Паола Рамсей сказала:

– Мы звонили Джилл. – Она улыбнулась Бет. – Она просила передать тебе привет. – Потом добавила: – Она всегда тебя очень любила.

Все помолчали.

– Иногда я говорила себе, что ты понимаешь ее лучше, чем я, и меня это злило. Но теперь уже нет.

"Еще одни слова, которые рождаются только в такую минуту, – подумала Бет. – Почему? "

– Я этого не знала.

– Это уже не важно. Все уже прошло. Джилл...

Паола задохнулась и покачала головой.

– Она молода, Паола, она еще ужасно молода.

– И теперь она должна будет рассчитывать только на себя.

Она взглянула на губернатора:

– Я совсем не светская дама, Бент. Я просто испуганная женщина. Почему мы торчим здесь? Кто в этом виноват? Я спросила Гровера Фрэзи, но...

– Гровер, – сказал мэр, – растерян и перепуган. – В его голосе звучало презрение. – Но при всем том он был и остался джентльменом. Гровер Фрэзи, член клуба избранных. Моей жене он сказал: "Ну-ну, Паола, все скоро будет в порядке, я надеюсь". Или что-то в этом смысле.

– Я бы хотела, чтобы кто-то понес за это ответственность, – сказала Паола Рамсей. – Кто-то из тех безответственных и непорядочных людей, которые делают все, что им вздумается, называя это деловой активностью. Им все сходит с рук, а я сыта ими по горло. Кто бы ни был виноват в этом, черные или белые, мужчины или женщины, выдающиеся педиатры или университетские священники, кто угодно, я хочу видеть собственными глазами, как они получат свое.

Она запнулась:

– Нет, как они получат свое, я уже не увижу, да? Но хочу хотя бы знать, что это произойдет. Называйте меня мстительной, если хотите. Называйте меня...

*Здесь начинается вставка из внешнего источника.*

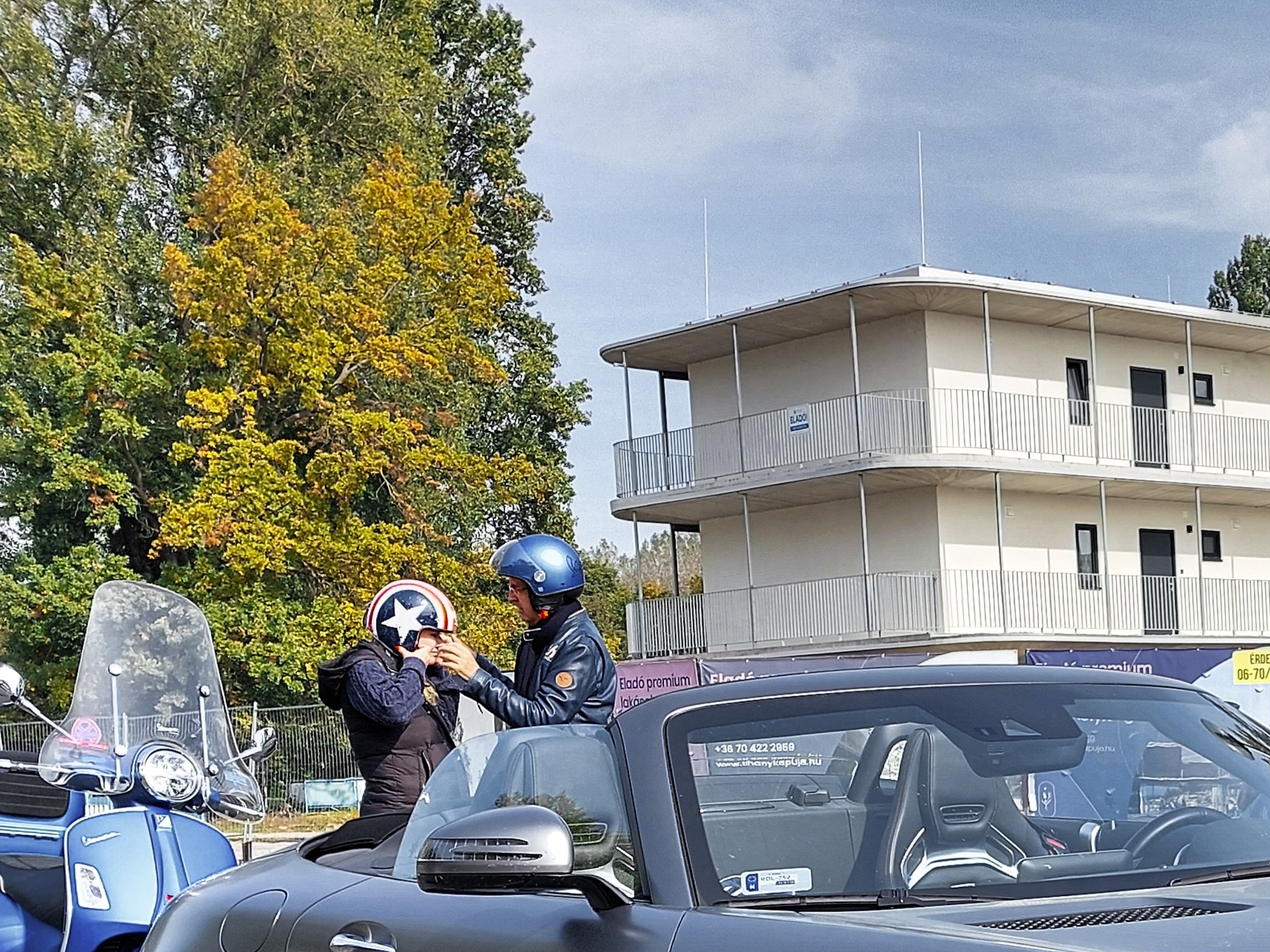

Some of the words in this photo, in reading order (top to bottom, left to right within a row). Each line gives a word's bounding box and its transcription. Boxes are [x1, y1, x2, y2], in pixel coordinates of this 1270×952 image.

– Я скажу только, что вы правы, Паола, – ответил губернатор, – Признаю, что нынешняя исключительная ситуация меняет и мои воззрения на преступление и наказание.

- Но ведь еще не все потеряно, – заметил мэр. – Вы ведь сами говорили, что лифты...

– Да, – согласился губернатор, – это еще не конец.

Он подумал о спасательном тросе, но решил, что не будет говорить о нем, чтобы не возбуждать преждевременные надежды.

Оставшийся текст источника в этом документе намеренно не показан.